Tears rolled down her cheeks. “He isn’t in my life. He went back to Chicago the next day, and I haven’t heard from him since.”
“You’re joking.” Fred handed her a paper napkin to stem the waterworks. “You mean he...? And he didn’t...? I think he and I need to have a talk.”
“No, you don’t. I’ll talk to him myself, I just have to find his phone number.”
“You can’t pick up the phone and call him.”
“Why not?”
“Why not? Em, this is huge. We’re talking life-changing huge. You owe it to him to break the news in person.”
“I was thinking I don’t actually owe him anything. He didn’t call me, so apparently he doesn’t think he owes me anything, either.”
“He owes you eighteen years of child support, but that doesn’t let you off the hook. This kind of news must be delivered in person.”
“He hardly ever comes to Riverton.”
“Then you’ll have to go to Chicago.”
“I don’t know where he lives.”
It sounded lame as she said it. Apparently, Fred thought so, too.
“Ever heard of a little thing called the internet? Or you could ask his mother.”
She had already tried the internet and hadn’t come up with anything, not that she’d tried terribly hard. And there was no way she was going to ask Norma Evans—her baby’s grandmother!—for her son’s phone number. She would demand to know why Emily wanted it. What would she tell her? Hi, Mrs. Evans. Remember me, little Emily Finnegan? Your son and I hooked up a while ago, and now... Oops... I’m having his baby.
“I am not asking his mother.”
“Fine, don’t. I’ll ask her. I’ll even go to Chicago with you.” Fred made a fist and hit the palm of his other hand to indicate how he intended to handle the situation if called upon.
Emily couldn’t help rolling her eyes. “You know you can do some serious time for assaulting a police officer, right?”
Fred grinned. “How you handle this is up to you, but if he doesn’t do the right thing, then I’ll have something to say.”

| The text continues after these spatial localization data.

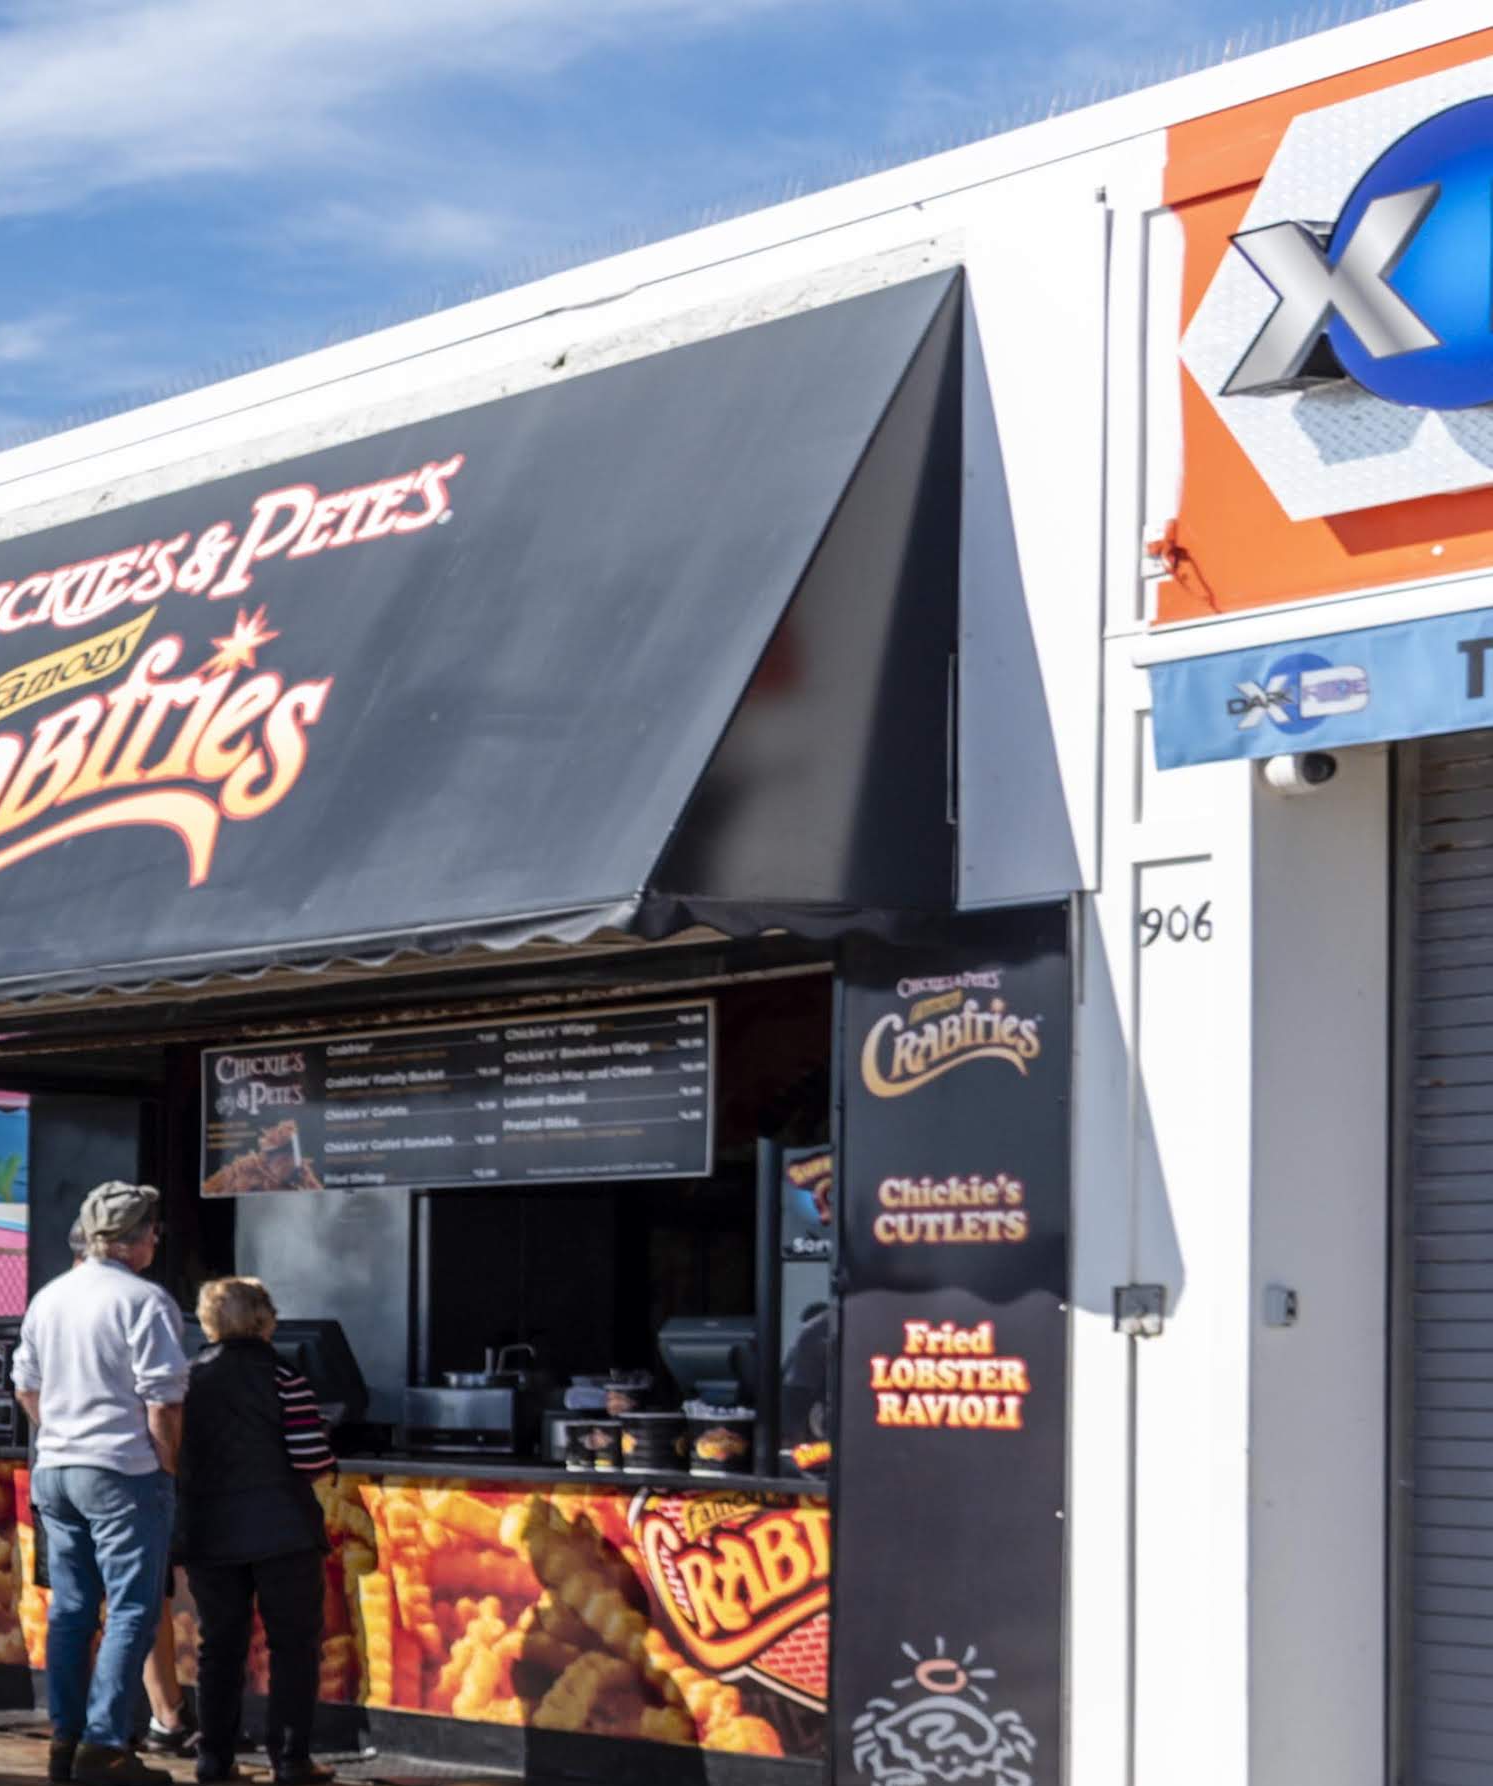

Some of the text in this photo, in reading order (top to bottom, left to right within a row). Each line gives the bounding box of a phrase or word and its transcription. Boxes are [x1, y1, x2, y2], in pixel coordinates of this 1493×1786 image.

[209, 453, 464, 601] PETE'S
[1138, 901, 1214, 948] 906
[216, 1051, 305, 1084] CHICKIE'S
[878, 1173, 1023, 1207] Chickie's
[874, 1208, 1027, 1243] CUTLETS
[904, 1320, 993, 1355] Fried
[870, 1356, 1029, 1393] LOBSTER
[875, 1392, 1023, 1429] RAVIOLI
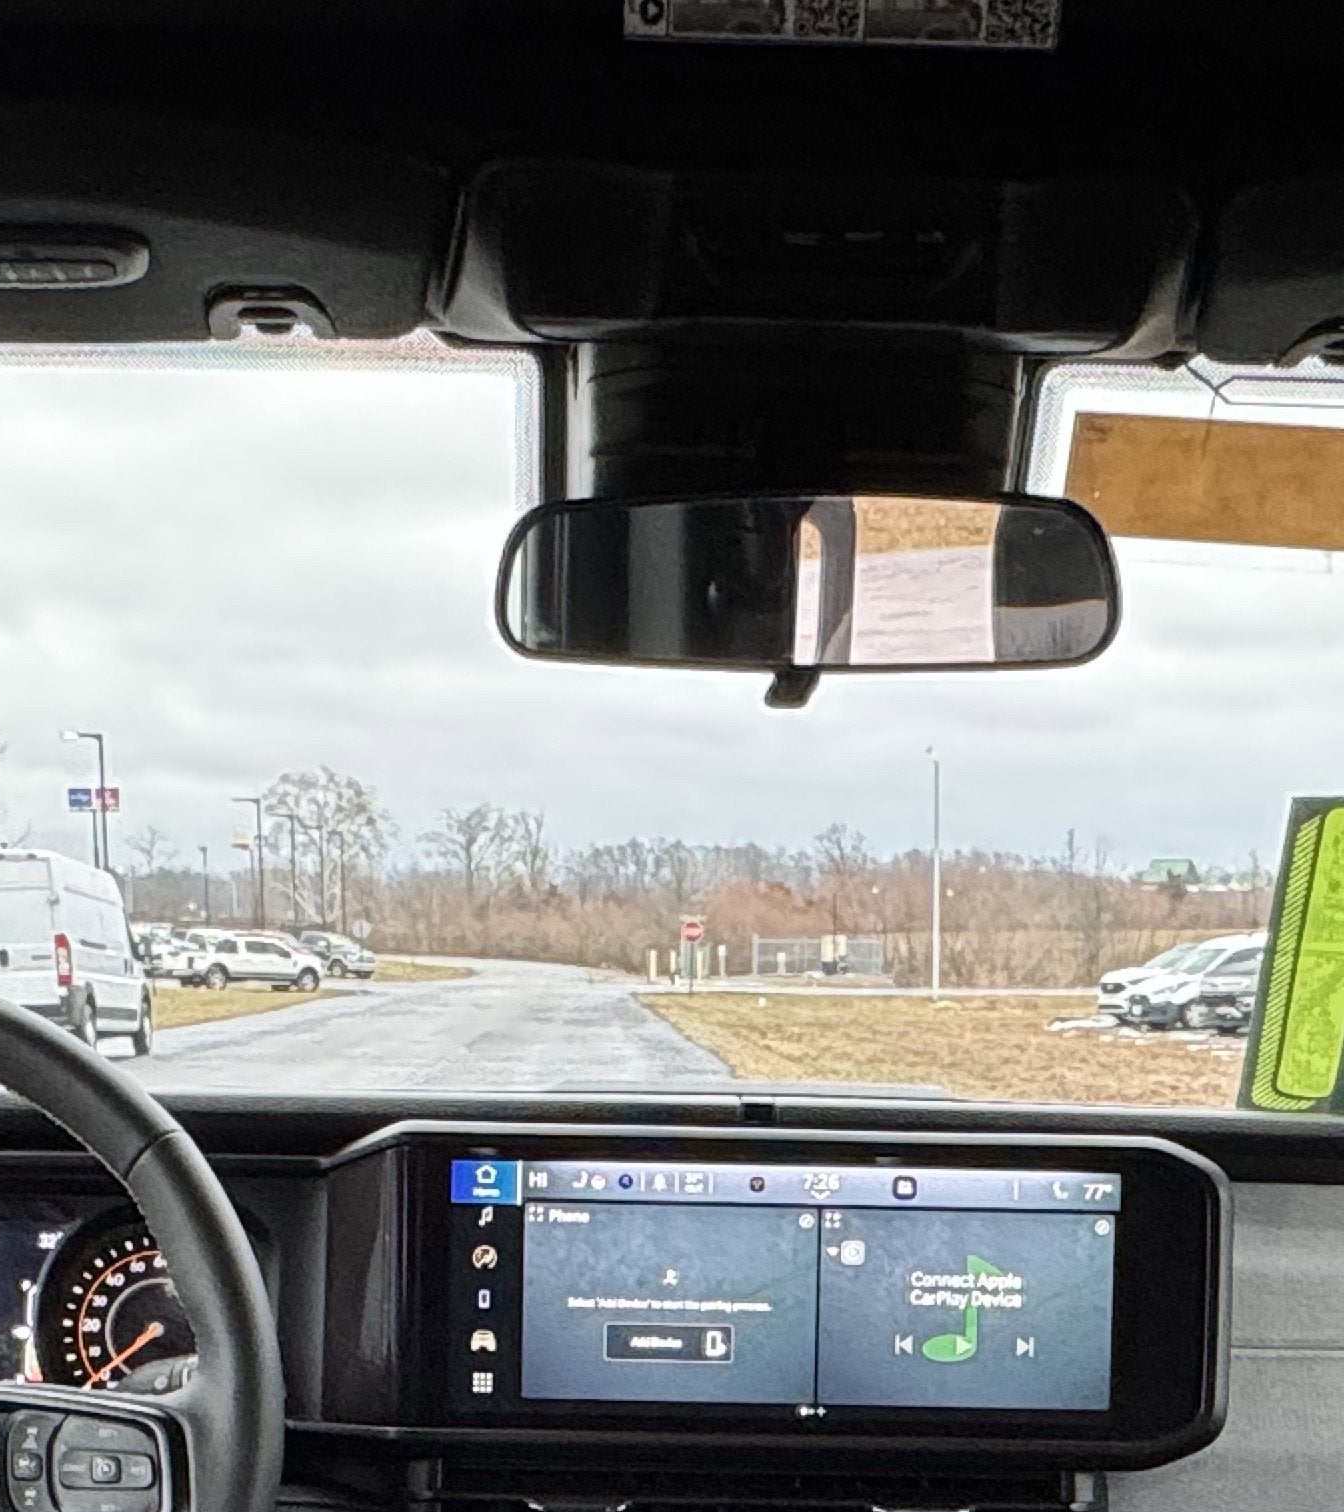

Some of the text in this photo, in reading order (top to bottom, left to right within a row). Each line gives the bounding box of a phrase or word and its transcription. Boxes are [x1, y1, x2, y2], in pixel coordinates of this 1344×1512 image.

[802, 1174, 840, 1191] 7:26
[548, 1208, 591, 1224] Phone
[910, 1271, 1022, 1291] Connect Apple
[910, 1288, 1022, 1309] CarPlay Device

“I appreciate the offer, but I don’t need anyone to fight my battles. And this is something I need to do alone, as soon as I figure out what I’m going to say to him.” Then she’d need to think about the future, one for which she was completely unprepared. “But no matter what he says or does, I’m scared,” she whispered, finally finding the courage to confess what she truly felt. “I have no idea how to be a mother.”
“Sure you do.” Fred reached across the table and took her hands in his. He was the only person who knew her secret wish, that after all these years her mother would finally come home and be a mother. “You have Annie. She’s a great role model.”

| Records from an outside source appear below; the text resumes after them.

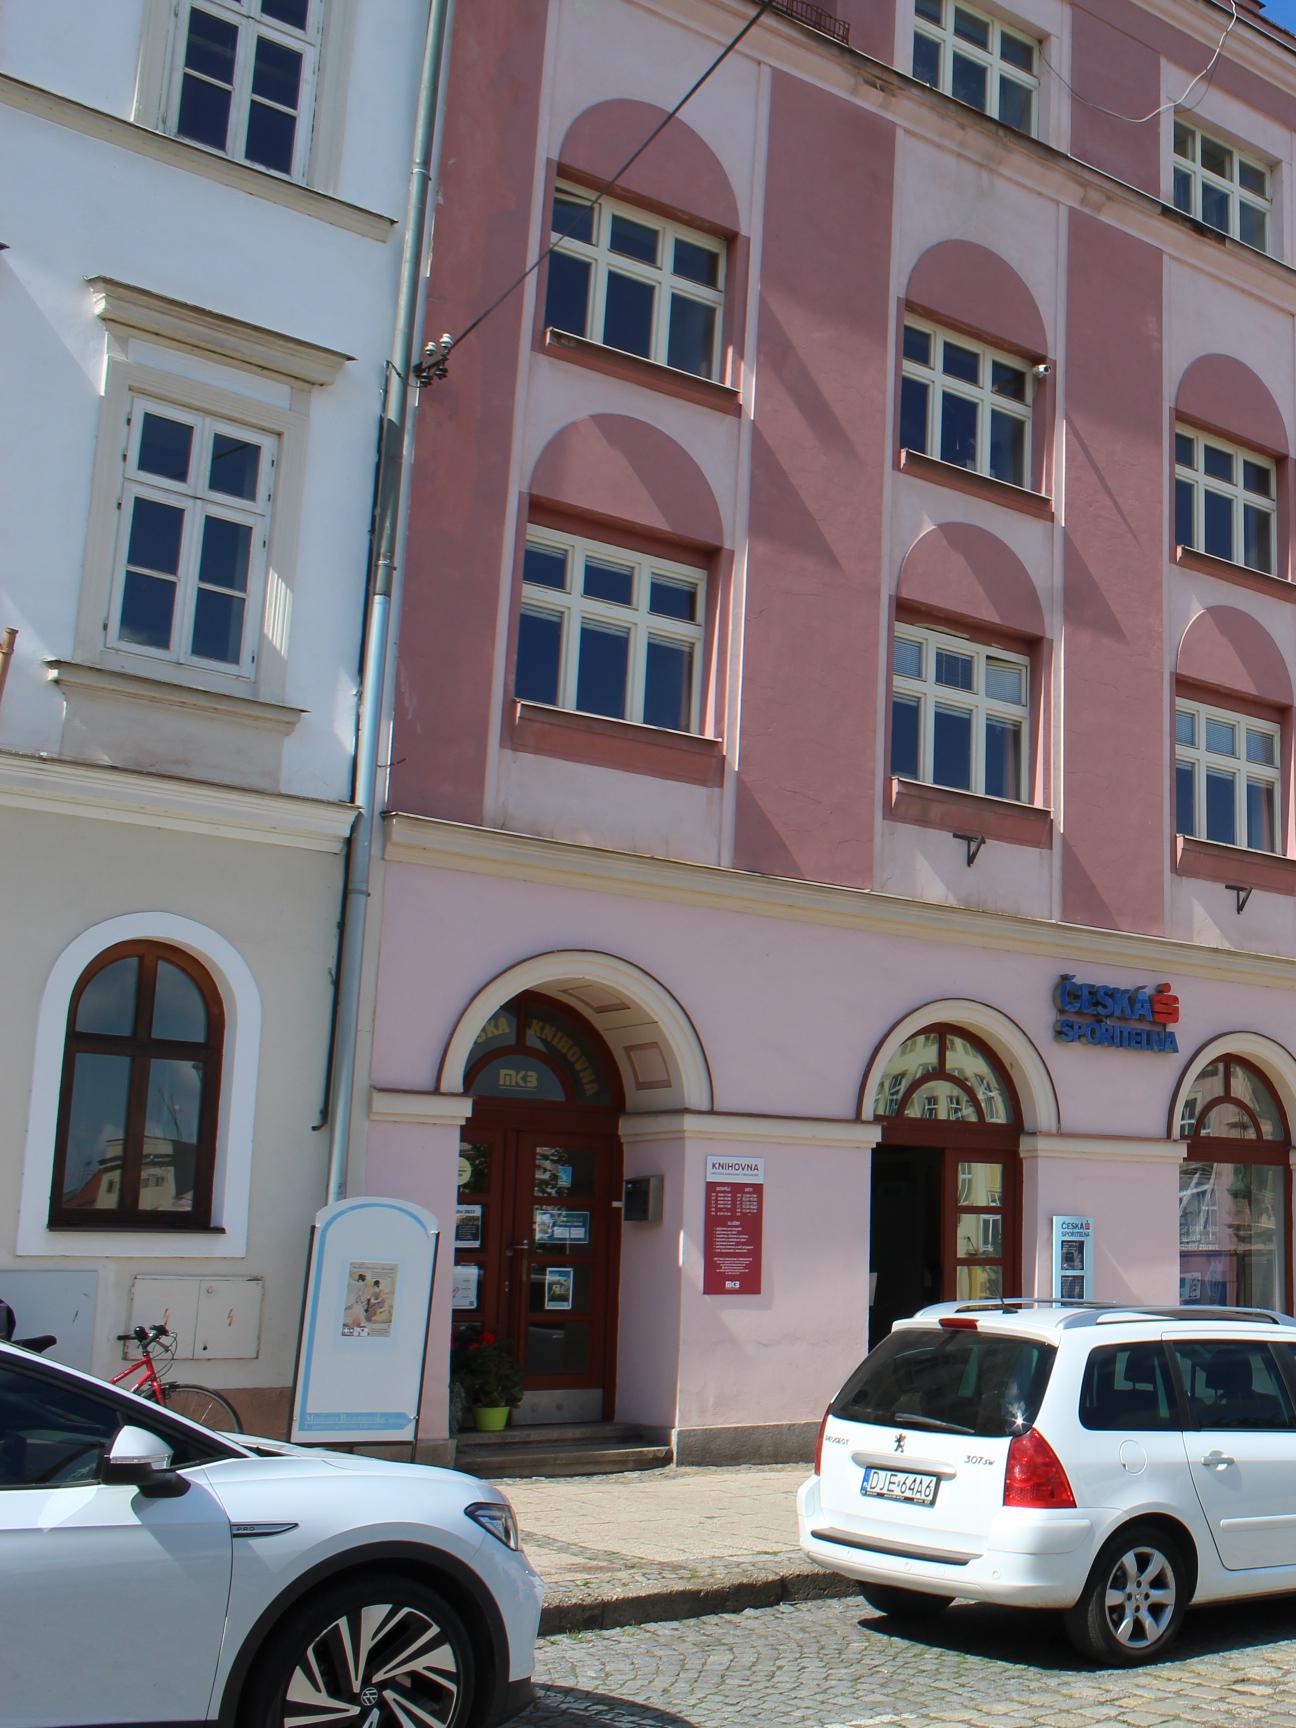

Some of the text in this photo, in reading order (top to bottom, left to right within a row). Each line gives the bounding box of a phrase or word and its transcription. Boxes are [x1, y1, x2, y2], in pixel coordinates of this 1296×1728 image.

[1054, 974, 1152, 1020] ČESKÁ
[1055, 1019, 1179, 1053] SPOŘITELNA
[530, 1018, 599, 1097] KNIHOVNA
[711, 1161, 760, 1172] KNIHOVNA
[964, 1455, 984, 1464] 307
[869, 1471, 899, 1492] DJE
[900, 1476, 934, 1498] 64A6

True. Problem was, Annie made it look easy. What if she, Emily, was a total disaster like their mother had been?
“Don’t go there, Em. You’ve always been great at everything you’ve ever chosen to do. In school, at the university, your work for the newspaper, your Small Town, Big Hearts blog.”
She knew he was trying to buoy her, but this was different. Raising a child wasn’t like writing a newspaper story or a blog. She had chosen to do those things, but she hadn’t chosen to become a mother. Motherhood had chosen her.

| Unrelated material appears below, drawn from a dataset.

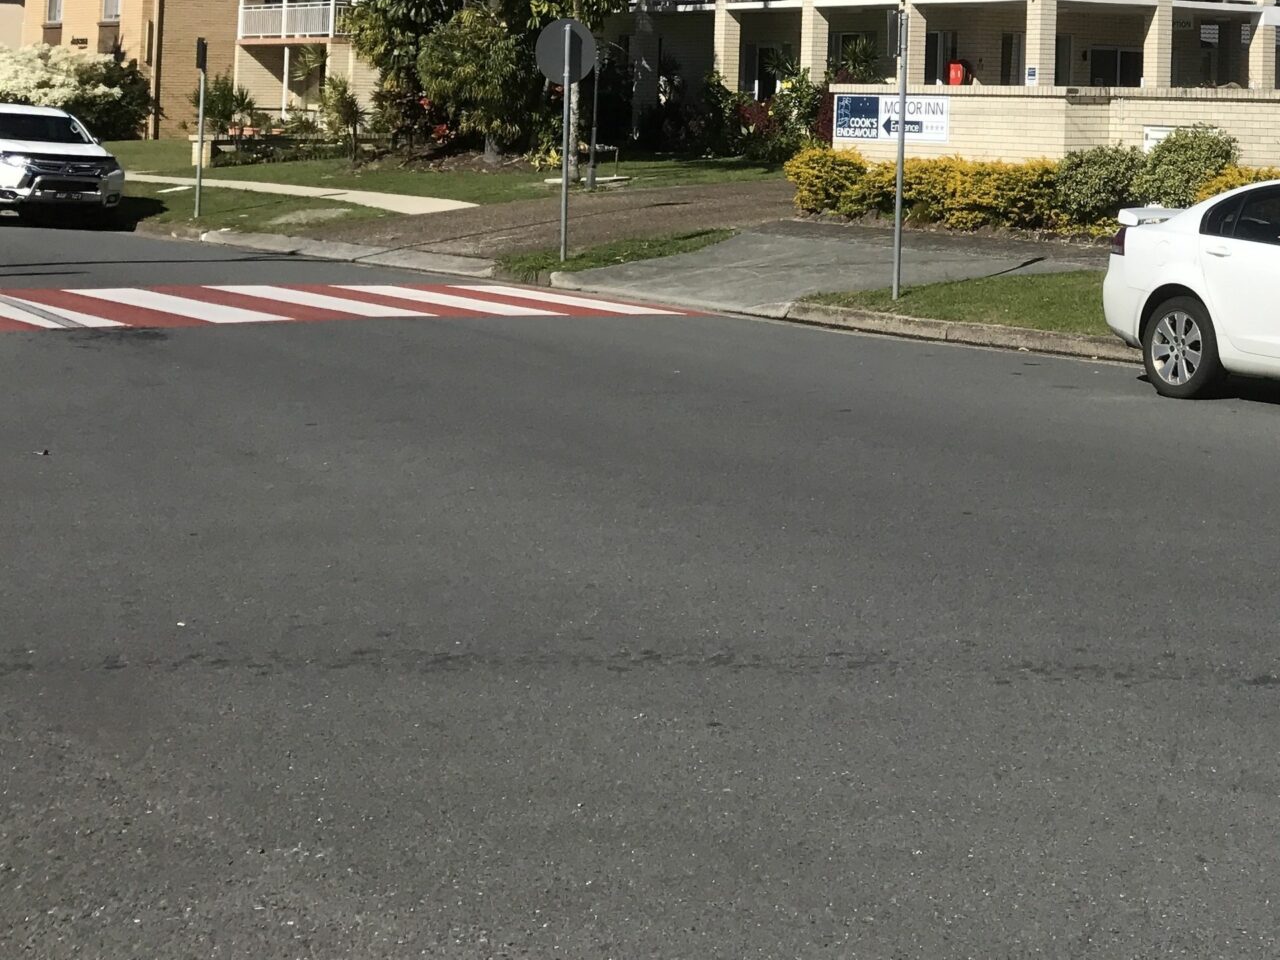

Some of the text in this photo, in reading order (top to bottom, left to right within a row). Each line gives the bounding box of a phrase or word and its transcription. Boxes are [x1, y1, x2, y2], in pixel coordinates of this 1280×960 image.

[925, 101, 944, 115] INN
[850, 117, 877, 128] COOK'S
[836, 128, 878, 138] ENDEAVOUR

They were interrupted by the rattle of the barbershop door.
“My next customer. Lunchtime’s over already.” Fred sounded reluctant to wrap up their little tête-à-tête, as though she might not be able to move forward on her own. “You going to be okay?”
“Of course. I’ll be fine. I have to get back to work, too.” She needed to finish her article about this week’s town council meeting, put the finishing touches on centenarian Sig Sorrenson’s obituary and check her blog for comments. She waved Fred out of the back room. “Off you go. I’ll tidy up in here.”
Emily slipped out of the shop several minutes later, avoiding eye contact with Fred as he swirled a black plastic cape around the shoulders of his first customer of the afternoon. When she stepped onto the sidewalk, she narrowly missed a head-on collision with Mable Potter, her former high school English teacher and Riverton’s favorite octogenarian. The woman was struggling with her oversize purse, a large bag of groceries and the leash of her energetic mutt, Banjo.
“Hi, Mrs. Potter. Here, let me give you a hand.”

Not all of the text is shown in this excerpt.